The idea is to lead us beyond the world of form to a thought that, although it is still a thought of separation, has no concepts of attack or murder or specialness associated with it. So we still have an experience of a Jesus or a Holy Spirit in our minds to Whom we go. When we become that perfect thought of the Atonement, we become like Jesus. Jesus disappears, we disappear, and all that is left is the Holy Spirit's Love, which at that point disappears too.
. . . . . . .
Within the ego framework in which the Course comes to us, there are a couple of points worth commenting on further. First, although the ego is really a part of our one split mind, there is value in speaking of it as if it were separate from us. It is helpful to think that there are two voices within the mind. At times I have spoken about the split mind as having three parts—the ego, the Holy Spirit, and the part of our minds that chooses between them. In reality it is all one, because there is no time—no linear past, present, or future—and nothing really separate. But because we believe we are separate, and we believe there is a past, present, and future, it is helpful to think of the mind as a classroom in which we choose which teacher we are going to listen to.

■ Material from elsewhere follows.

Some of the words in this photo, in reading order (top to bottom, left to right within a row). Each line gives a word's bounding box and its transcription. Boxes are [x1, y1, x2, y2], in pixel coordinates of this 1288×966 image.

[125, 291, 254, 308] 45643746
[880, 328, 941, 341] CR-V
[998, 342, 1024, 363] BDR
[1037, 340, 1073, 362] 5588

Since we have all grown up, whether we have been conscious of it or not, believing only in the ego and believing that is who we are—a separated, sinful, guilty, angry, vicious, depressed, lonely person, it is helpful to have the illusion of another thought or another person within us that represents something else. So long as we believe we are within the world of illusion, dreams and symbols, we have to work with that—but not because they are real. In the end we will recognize that it is all one.

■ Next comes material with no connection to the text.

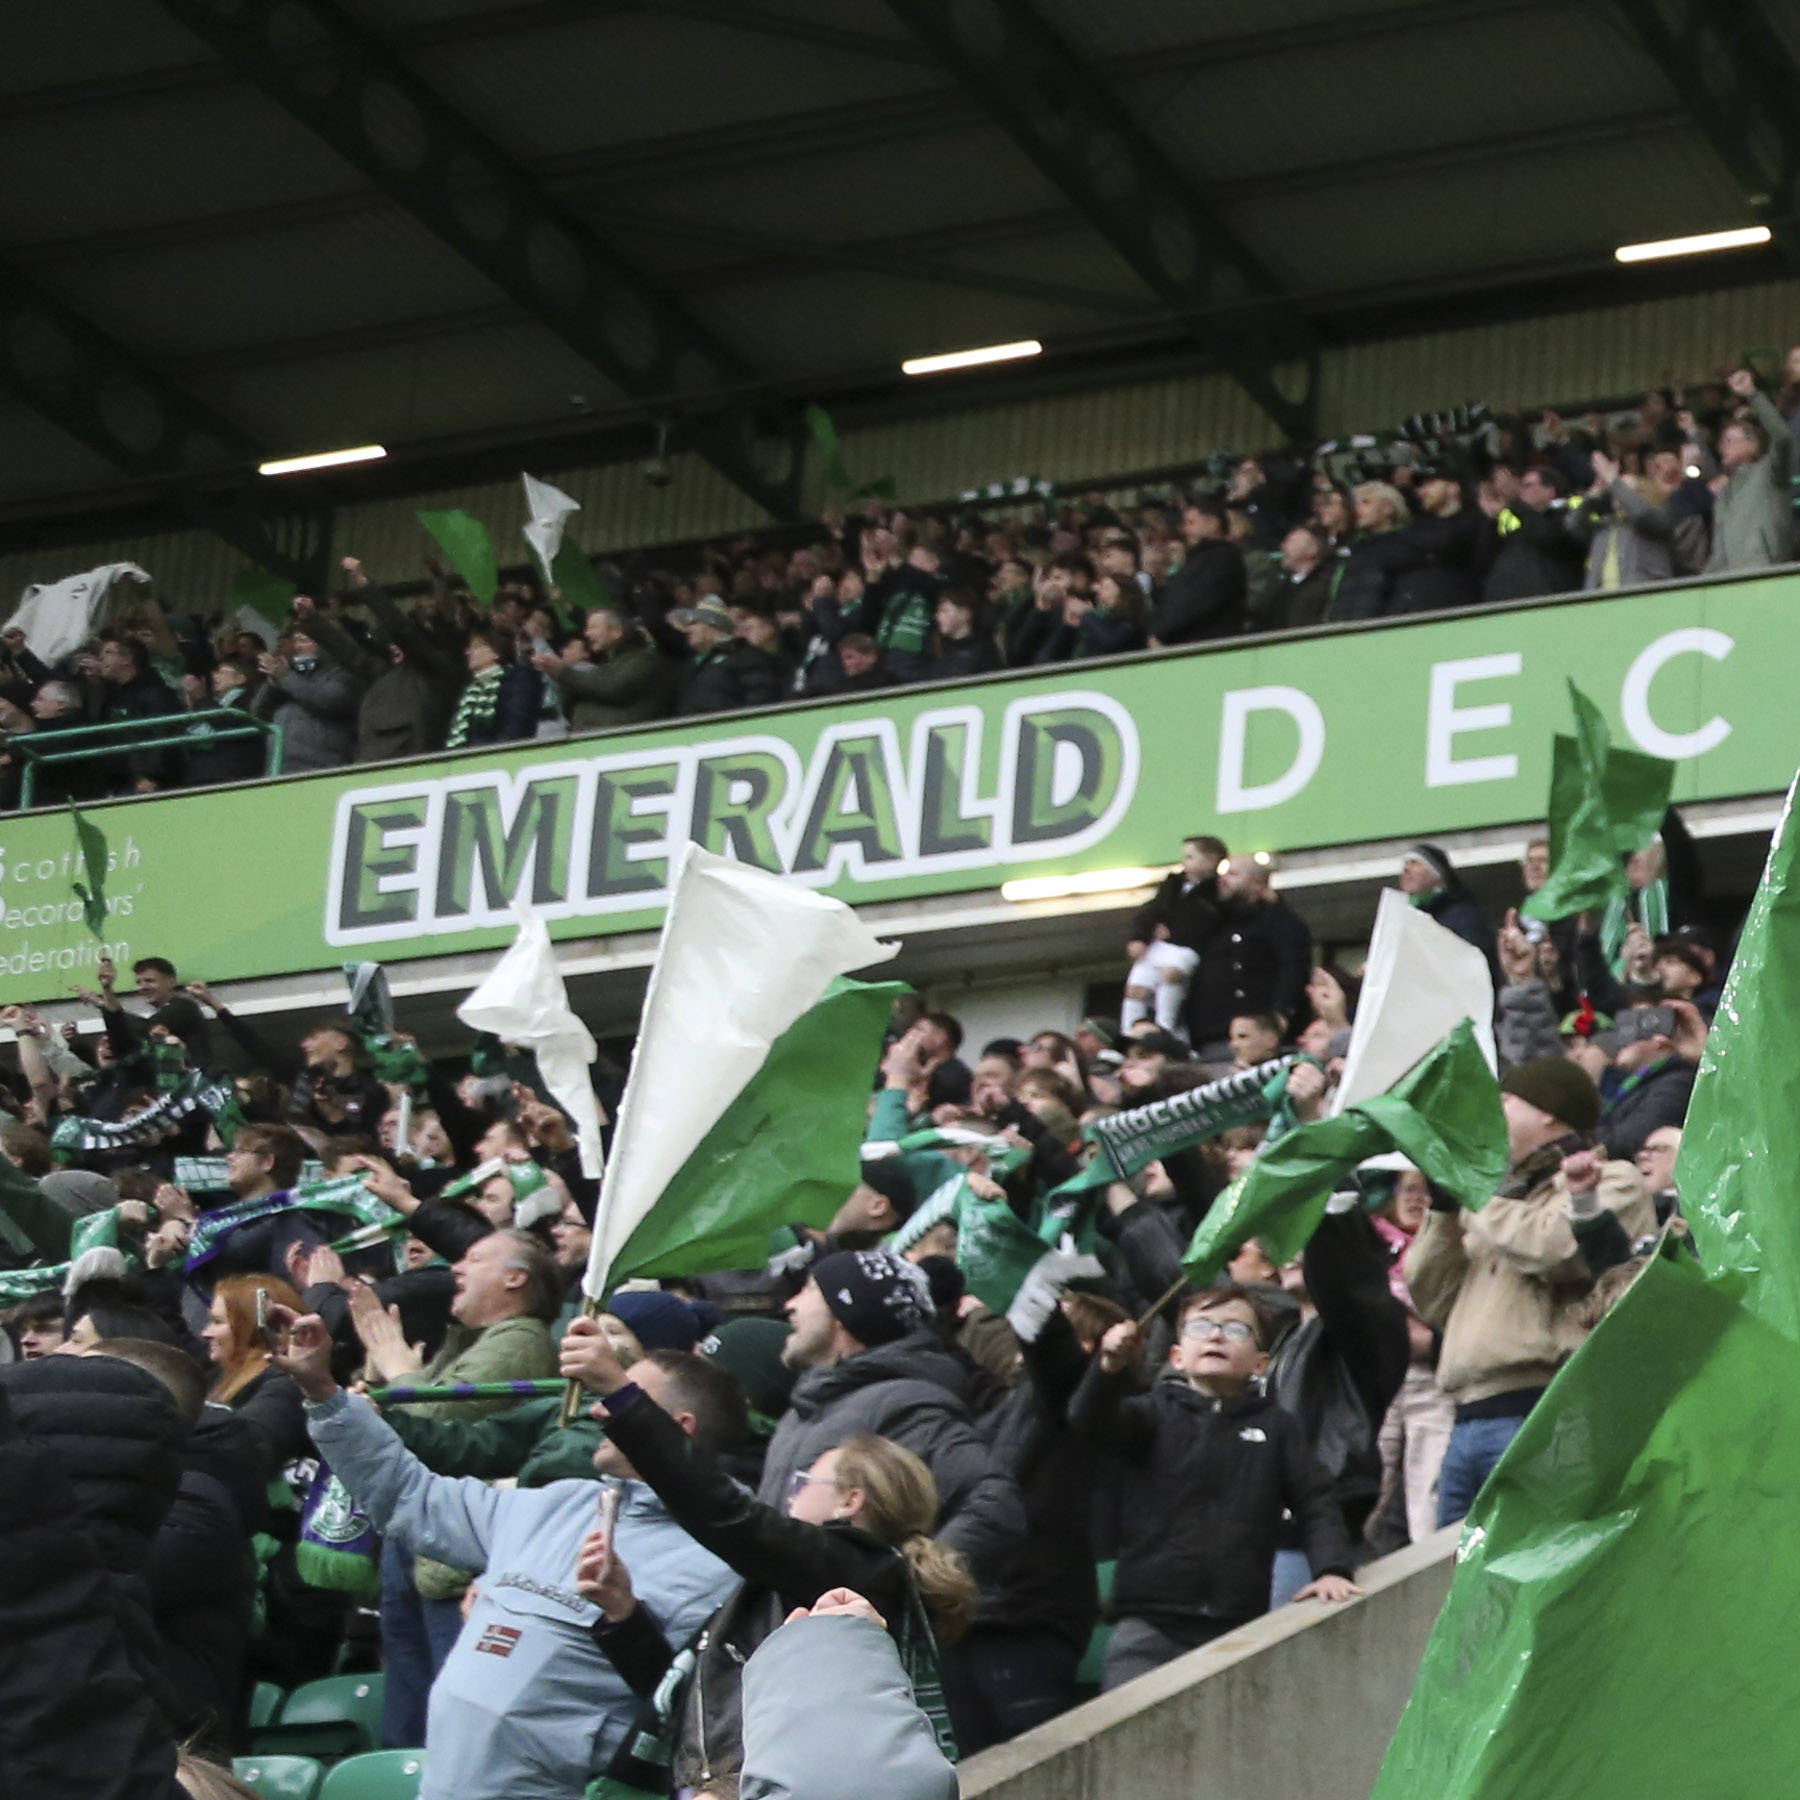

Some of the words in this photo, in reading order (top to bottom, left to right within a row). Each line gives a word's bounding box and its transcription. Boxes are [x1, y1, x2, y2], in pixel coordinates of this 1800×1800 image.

The second point is to understand that the Course's use of the word God, rather than only impersonal words like truth, reality, oneness, knowledge, etc., is deliberate. The whole point of the Course is to raise to our consciousness all the negative associations we have of God—God as a punitive male, as a punitive father, and the like, so that we can forgive them. That is why the Course comes in Judaeo—Christian language, where God is very much seen as a masculine father. And the identity of Jesus is central to the Course, because of all the unforgiveness people—both Jews and Christians—have with him. So the Course brings up all the prejudices and biases, all the all the hurts and all the fears, so that we can look at them.
I might add that the concept of God we are talking about is not what the real God is—we are talking about what the ego has made of the real God. And so the Course uses names that everyone in the Western world—whether Jew or Christian—has grown up with. Basically it is the false God that we have to forgive. In the Course, Jesus, referring to himself at one point, speaks of the bitter idols that were made of him (C-5.5:7). When we think about Jesus, all the bitter idols come up—the Jesus who believed in persecution, sacrifice and death, exclusion and specialness, etc. A wonderful line, closing a section on specialness, says, "Forgive your Father it was not His will that you be crucified" (T-24.III.8:13). Basically, we could say the same thing about Jesus—forgive Jesus it was not his will that we be crucified.